Stored data entries:
────
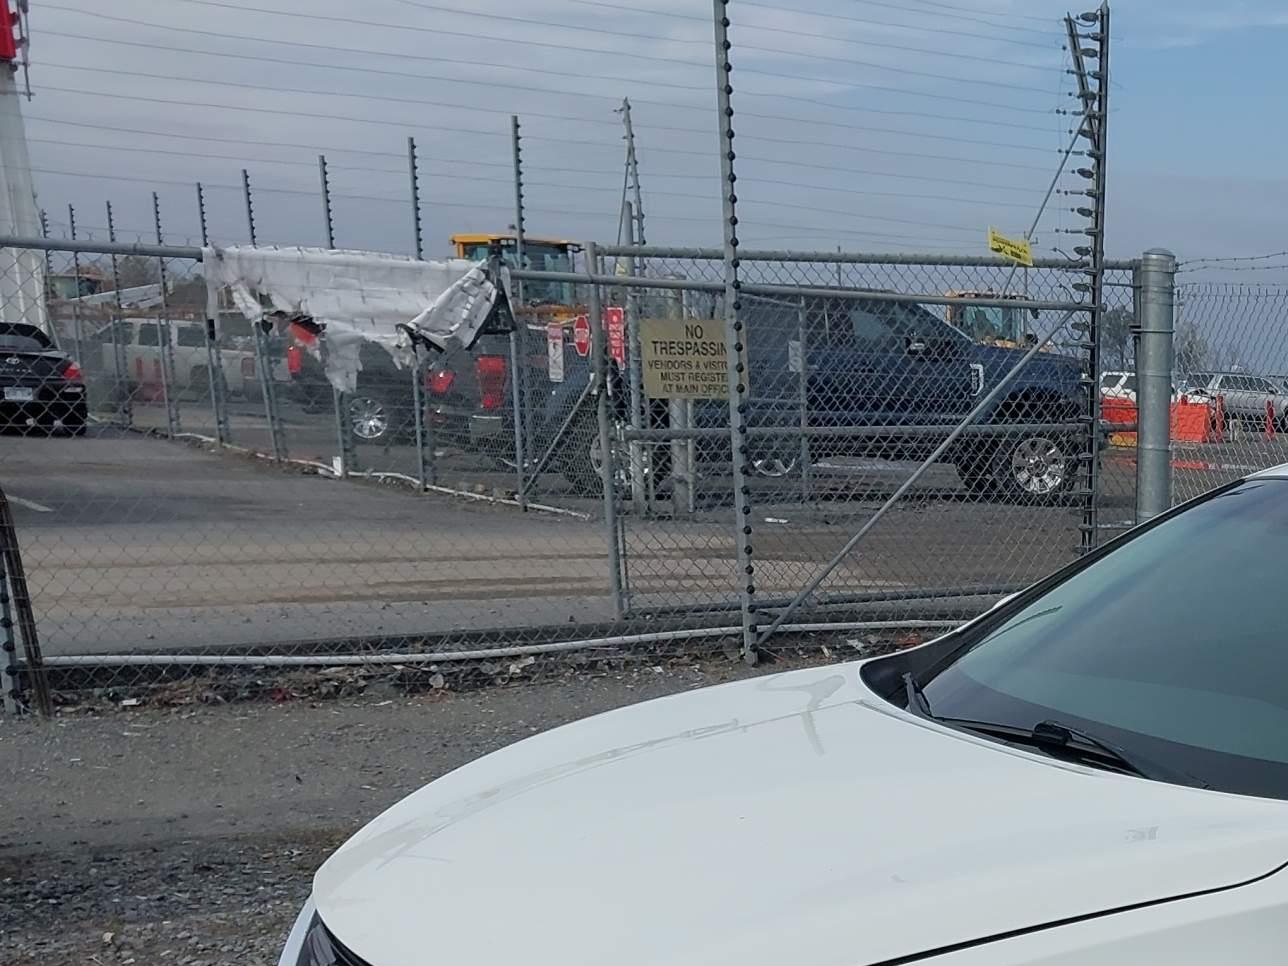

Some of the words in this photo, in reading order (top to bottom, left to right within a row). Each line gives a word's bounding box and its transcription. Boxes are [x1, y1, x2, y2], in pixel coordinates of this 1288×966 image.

[685, 325, 704, 339] NO
[652, 340, 728, 356] TRESPASSIN
[648, 360, 693, 370] VENDORS
[660, 372, 686, 382] MUST
[688, 372, 729, 383] REGISTE
[662, 383, 674, 393] AT
[676, 383, 699, 394] MAIN
[702, 384, 729, 394] OFFIC
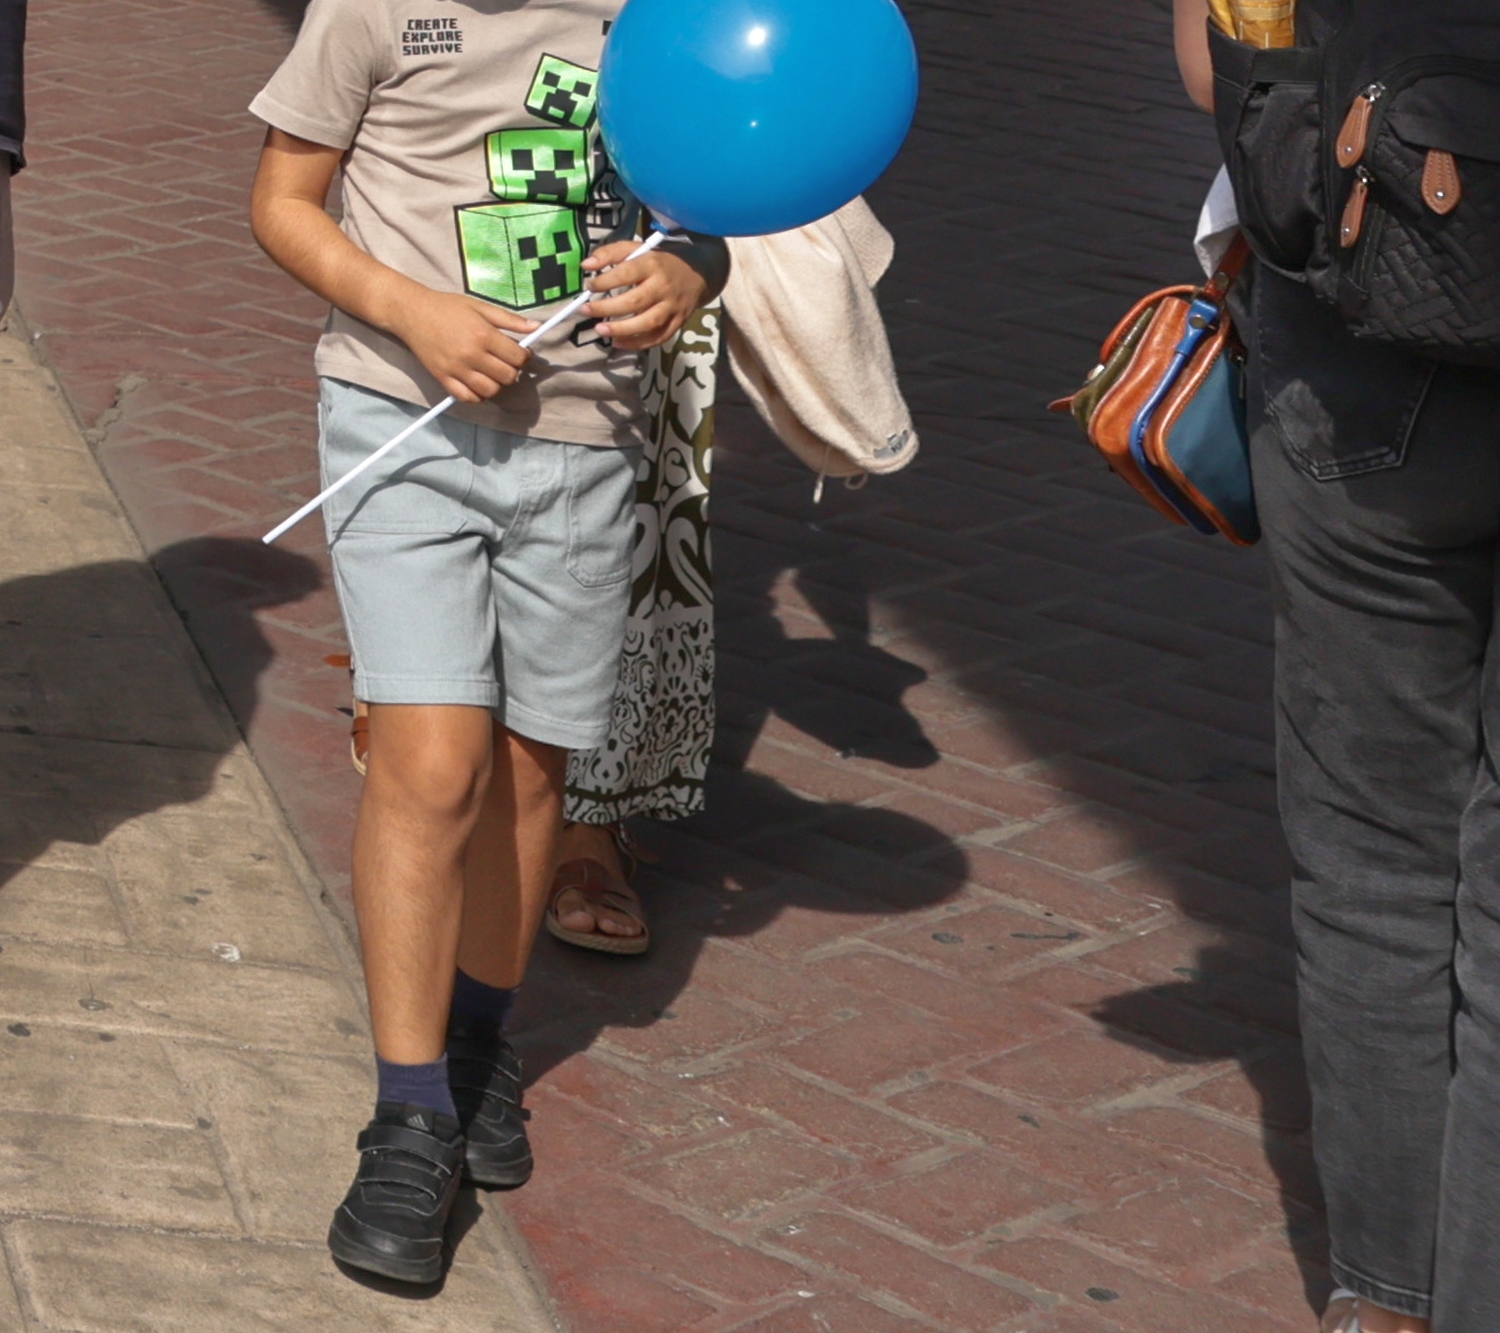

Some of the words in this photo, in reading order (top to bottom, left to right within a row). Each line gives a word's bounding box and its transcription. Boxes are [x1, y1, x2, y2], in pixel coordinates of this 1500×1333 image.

[407, 18, 458, 31] CREATE
[402, 31, 463, 43] EXPLORE
[402, 43, 463, 56] SURVIVE
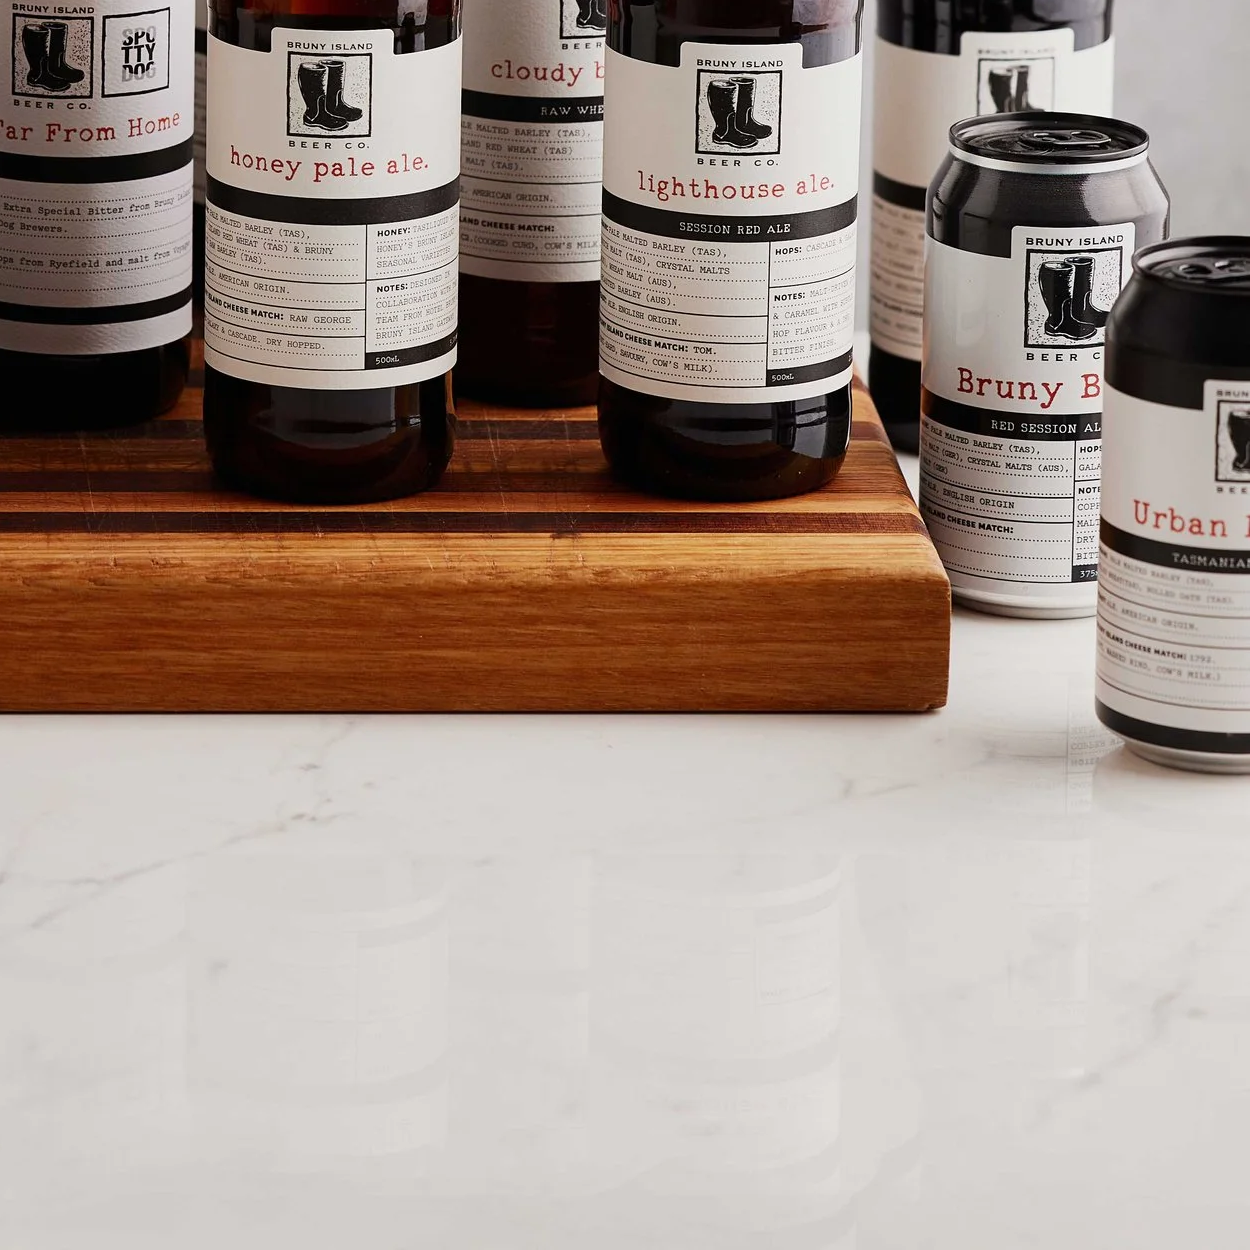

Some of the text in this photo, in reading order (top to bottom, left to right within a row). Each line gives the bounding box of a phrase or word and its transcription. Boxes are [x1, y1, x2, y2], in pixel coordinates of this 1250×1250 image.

[12, 3, 94, 14] BRUNY ISLAND
[121, 26, 156, 45] SPO
[121, 43, 155, 63] TTY
[697, 60, 737, 68] BRUNY
[121, 62, 156, 82] DOG
[491, 60, 583, 87] cloudy
[14, 99, 54, 109] BEER
[541, 105, 604, 115] RAW WHE
[46, 123, 115, 142] From
[127, 113, 180, 137] Home
[477, 124, 509, 135] MALTED
[515, 129, 550, 137] BARLEY
[289, 141, 332, 149] BEER
[230, 145, 428, 182] honey pale ale.
[698, 158, 741, 166] BEER
[638, 171, 835, 201] lighthouse ale.
[4, 202, 150, 217] Extra Special Bitter from
[20, 223, 68, 233] Brewers.
[482, 221, 515, 230] CHEESE
[679, 222, 791, 234] SESSION RED ALE
[377, 227, 411, 237] HONEY:
[1026, 235, 1123, 246] BRUNY ISLAND
[775, 247, 802, 255] HOPS:
[19, 257, 43, 267] from
[50, 259, 99, 269] Ryefield
[105, 258, 123, 266] and
[128, 255, 149, 265] malt
[656, 261, 694, 272] CRYSTAL
[377, 283, 408, 292] NOTES:
[774, 292, 805, 301] NOTES:
[251, 309, 284, 320] MATCH:
[290, 315, 308, 323] RAW
[648, 315, 681, 326] ORIGIN.
[266, 338, 325, 349] DRY HOPPED.
[655, 341, 716, 354] MATCH: TOM.
[1026, 353, 1078, 361] BEER
[957, 367, 1063, 408] Bruny
[991, 419, 1100, 433] RED SESSION AL
[973, 440, 1040, 454] BARLEY (TAS),
[967, 457, 1069, 472] CRYSTAL MALTS (AUS),
[979, 497, 1014, 508] ORIGIN
[947, 515, 1014, 533] CHEESE MATCH:
[1133, 499, 1227, 537] Urban
[1125, 641, 1151, 653] CHEESE
[1154, 649, 1186, 660] MATCH:
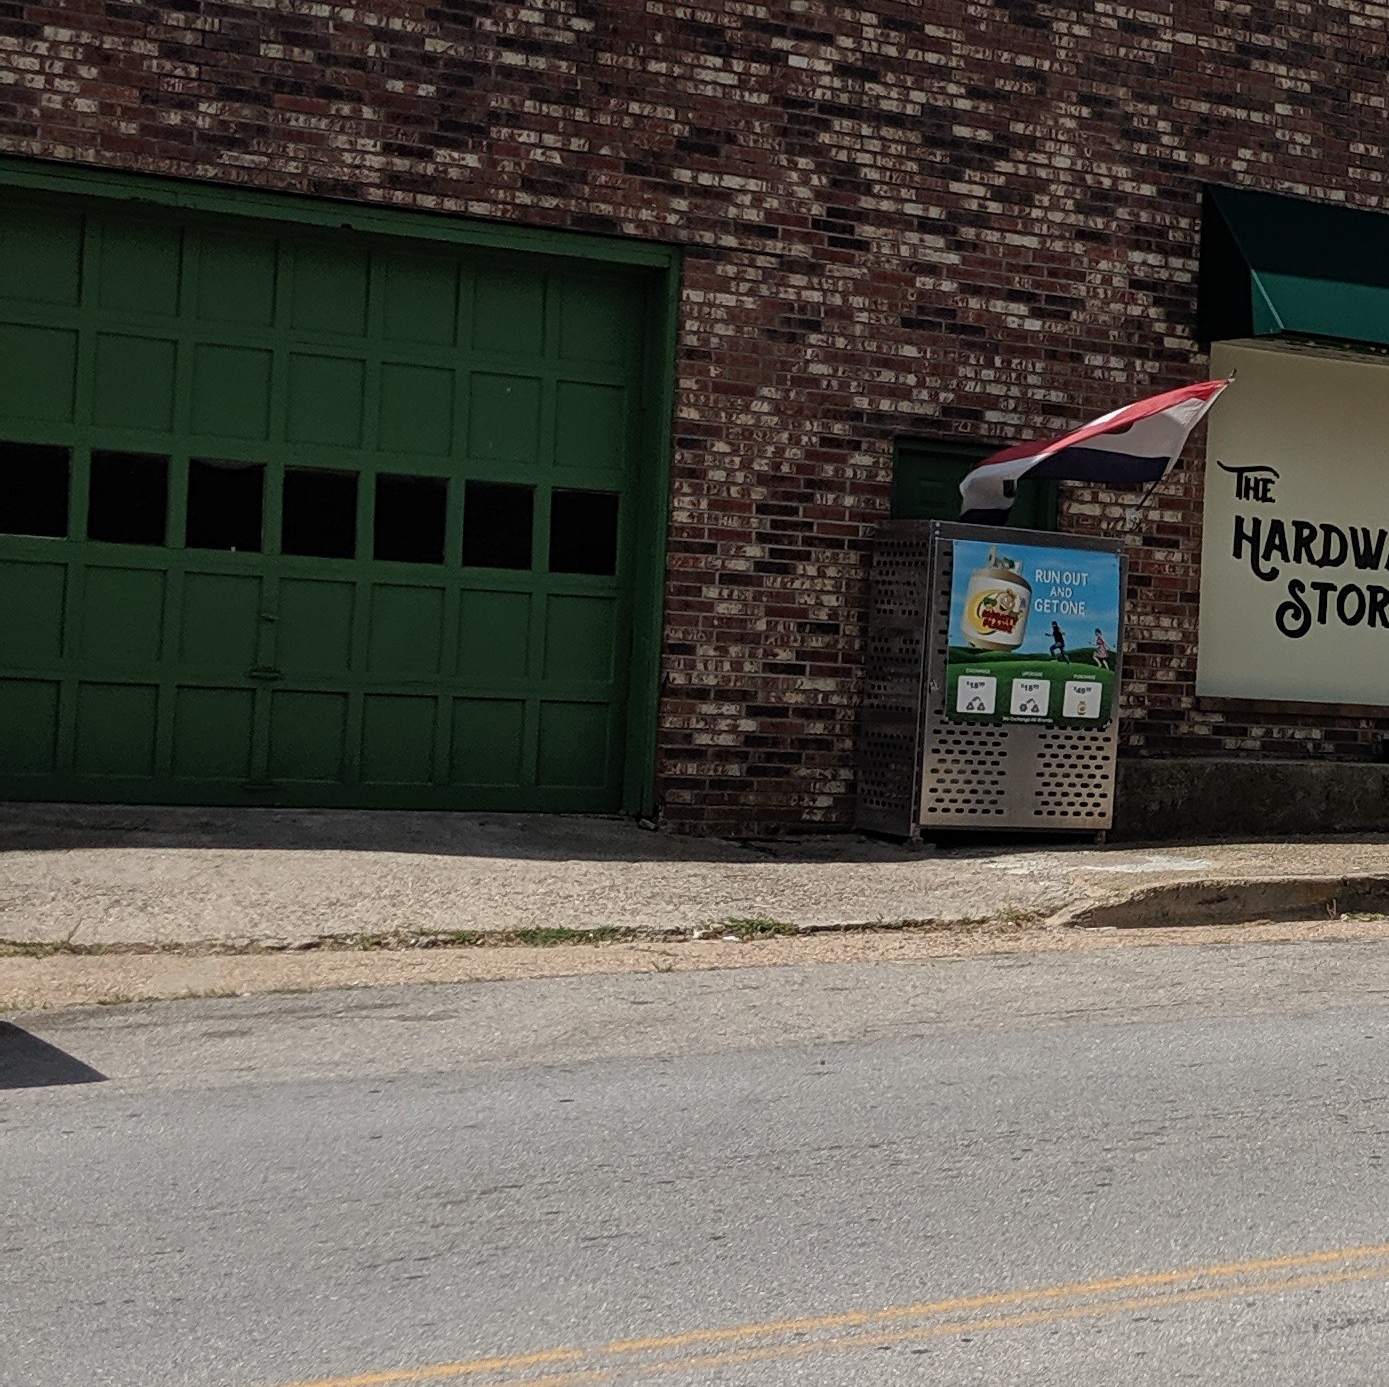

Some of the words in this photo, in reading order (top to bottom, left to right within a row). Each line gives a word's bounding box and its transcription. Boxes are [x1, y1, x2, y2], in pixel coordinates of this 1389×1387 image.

[1216, 460, 1280, 503] THE
[1035, 569, 1060, 584] RUN
[1063, 571, 1089, 586] OUT
[1050, 586, 1073, 598] AND
[1034, 598, 1060, 613] GET
[1060, 600, 1086, 615] ONE
────
» **Instructions to follow**
Leave the pictures out. Repeat every entry above exactly.

» **Expected answer**
Some of the words in this photo, in reading order (top to bottom, left to right within a row). Each line gives a word's bounding box and its transcription. Boxes are [x1, y1, x2, y2], in pixel coordinates of this 1288×966 image.

[685, 325, 704, 339] NO
[652, 340, 728, 356] TRESPASSIN
[648, 360, 693, 370] VENDORS
[660, 372, 686, 382] MUST
[688, 372, 729, 383] REGISTE
[662, 383, 674, 393] AT
[676, 383, 699, 394] MAIN
[702, 384, 729, 394] OFFIC

Some of the words in this photo, in reading order (top to bottom, left to right within a row). Each line gives a word's bounding box and its transcription. Boxes are [x1, y1, x2, y2], in pixel coordinates of this 1500×1333 image.

[407, 18, 458, 31] CREATE
[402, 31, 463, 43] EXPLORE
[402, 43, 463, 56] SURVIVE

Some of the text in this photo, in reading order (top to bottom, left to right within a row). Each line gives the bounding box of a phrase or word and its transcription. Boxes are [x1, y1, x2, y2], in pixel coordinates of this 1250×1250 image.

[12, 3, 94, 14] BRUNY ISLAND
[121, 26, 156, 45] SPO
[121, 43, 155, 63] TTY
[697, 60, 737, 68] BRUNY
[121, 62, 156, 82] DOG
[491, 60, 583, 87] cloudy
[14, 99, 54, 109] BEER
[541, 105, 604, 115] RAW WHE
[46, 123, 115, 142] From
[127, 113, 180, 137] Home
[477, 124, 509, 135] MALTED
[515, 129, 550, 137] BARLEY
[289, 141, 332, 149] BEER
[230, 145, 428, 182] honey pale ale.
[698, 158, 741, 166] BEER
[638, 171, 835, 201] lighthouse ale.
[4, 202, 150, 217] Extra Special Bitter from
[20, 223, 68, 233] Brewers.
[482, 221, 515, 230] CHEESE
[679, 222, 791, 234] SESSION RED ALE
[377, 227, 411, 237] HONEY:
[1026, 235, 1123, 246] BRUNY ISLAND
[775, 247, 802, 255] HOPS:
[19, 257, 43, 267] from
[50, 259, 99, 269] Ryefield
[105, 258, 123, 266] and
[128, 255, 149, 265] malt
[656, 261, 694, 272] CRYSTAL
[377, 283, 408, 292] NOTES:
[774, 292, 805, 301] NOTES:
[251, 309, 284, 320] MATCH:
[290, 315, 308, 323] RAW
[648, 315, 681, 326] ORIGIN.
[266, 338, 325, 349] DRY HOPPED.
[655, 341, 716, 354] MATCH: TOM.
[1026, 353, 1078, 361] BEER
[957, 367, 1063, 408] Bruny
[991, 419, 1100, 433] RED SESSION AL
[973, 440, 1040, 454] BARLEY (TAS),
[967, 457, 1069, 472] CRYSTAL MALTS (AUS),
[979, 497, 1014, 508] ORIGIN
[947, 515, 1014, 533] CHEESE MATCH:
[1133, 499, 1227, 537] Urban
[1125, 641, 1151, 653] CHEESE
[1154, 649, 1186, 660] MATCH:

Some of the words in this photo, in reading order (top to bottom, left to right within a row). Each line gives a word's bounding box and its transcription. Boxes are [x1, y1, x2, y2], in pixel coordinates of this 1389×1387 image.

[1216, 460, 1280, 503] THE
[1035, 569, 1060, 584] RUN
[1063, 571, 1089, 586] OUT
[1050, 586, 1073, 598] AND
[1034, 598, 1060, 613] GET
[1060, 600, 1086, 615] ONE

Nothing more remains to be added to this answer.